▸ About this exercise:
Please output exactly the run of lines that starts at the line with "Some of the words" and ends at the last line of the records below.

▸ Records shown:
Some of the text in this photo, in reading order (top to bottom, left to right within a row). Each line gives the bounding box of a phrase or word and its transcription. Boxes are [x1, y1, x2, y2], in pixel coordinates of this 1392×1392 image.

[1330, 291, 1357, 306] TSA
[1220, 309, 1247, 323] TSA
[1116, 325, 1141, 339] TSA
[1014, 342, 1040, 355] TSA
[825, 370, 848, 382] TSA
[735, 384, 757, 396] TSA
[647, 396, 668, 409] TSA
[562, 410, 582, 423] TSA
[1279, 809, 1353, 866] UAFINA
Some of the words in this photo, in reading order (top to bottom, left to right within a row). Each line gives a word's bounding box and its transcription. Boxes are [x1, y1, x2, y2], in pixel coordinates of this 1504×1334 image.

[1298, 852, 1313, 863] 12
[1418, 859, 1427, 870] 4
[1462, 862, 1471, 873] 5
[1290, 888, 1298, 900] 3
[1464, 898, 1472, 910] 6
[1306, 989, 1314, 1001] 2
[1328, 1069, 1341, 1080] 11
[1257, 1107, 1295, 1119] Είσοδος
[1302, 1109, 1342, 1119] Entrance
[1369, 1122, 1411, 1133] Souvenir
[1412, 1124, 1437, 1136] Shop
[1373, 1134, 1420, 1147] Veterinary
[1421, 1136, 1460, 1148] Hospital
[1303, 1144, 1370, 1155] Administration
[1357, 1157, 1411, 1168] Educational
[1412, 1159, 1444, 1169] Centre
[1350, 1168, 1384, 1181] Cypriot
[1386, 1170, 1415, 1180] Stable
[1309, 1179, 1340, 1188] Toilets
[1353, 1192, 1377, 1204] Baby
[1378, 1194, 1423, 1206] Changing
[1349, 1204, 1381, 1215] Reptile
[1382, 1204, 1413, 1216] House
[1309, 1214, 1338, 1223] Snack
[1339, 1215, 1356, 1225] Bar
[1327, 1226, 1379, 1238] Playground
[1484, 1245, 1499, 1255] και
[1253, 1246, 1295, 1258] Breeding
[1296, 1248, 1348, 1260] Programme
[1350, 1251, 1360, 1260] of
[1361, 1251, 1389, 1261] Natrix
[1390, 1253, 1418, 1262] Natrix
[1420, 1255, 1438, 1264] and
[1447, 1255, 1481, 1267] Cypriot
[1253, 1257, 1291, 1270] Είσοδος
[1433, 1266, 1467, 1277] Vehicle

▸ Task answer:
Some of the words in this photo, in reading order (top to bottom, left to right within a row). Each line gives a word's bounding box and its transcription. Boxes are [x1, y1, x2, y2], in pixel coordinates of this 1504×1334 image.

[1298, 852, 1313, 863] 12
[1418, 859, 1427, 870] 4
[1462, 862, 1471, 873] 5
[1290, 888, 1298, 900] 3
[1464, 898, 1472, 910] 6
[1306, 989, 1314, 1001] 2
[1328, 1069, 1341, 1080] 11
[1257, 1107, 1295, 1119] Είσοδος
[1302, 1109, 1342, 1119] Entrance
[1369, 1122, 1411, 1133] Souvenir
[1412, 1124, 1437, 1136] Shop
[1373, 1134, 1420, 1147] Veterinary
[1421, 1136, 1460, 1148] Hospital
[1303, 1144, 1370, 1155] Administration
[1357, 1157, 1411, 1168] Educational
[1412, 1159, 1444, 1169] Centre
[1350, 1168, 1384, 1181] Cypriot
[1386, 1170, 1415, 1180] Stable
[1309, 1179, 1340, 1188] Toilets
[1353, 1192, 1377, 1204] Baby
[1378, 1194, 1423, 1206] Changing
[1349, 1204, 1381, 1215] Reptile
[1382, 1204, 1413, 1216] House
[1309, 1214, 1338, 1223] Snack
[1339, 1215, 1356, 1225] Bar
[1327, 1226, 1379, 1238] Playground
[1484, 1245, 1499, 1255] και
[1253, 1246, 1295, 1258] Breeding
[1296, 1248, 1348, 1260] Programme
[1350, 1251, 1360, 1260] of
[1361, 1251, 1389, 1261] Natrix
[1390, 1253, 1418, 1262] Natrix
[1420, 1255, 1438, 1264] and
[1447, 1255, 1481, 1267] Cypriot
[1253, 1257, 1291, 1270] Είσοδος
[1433, 1266, 1467, 1277] Vehicle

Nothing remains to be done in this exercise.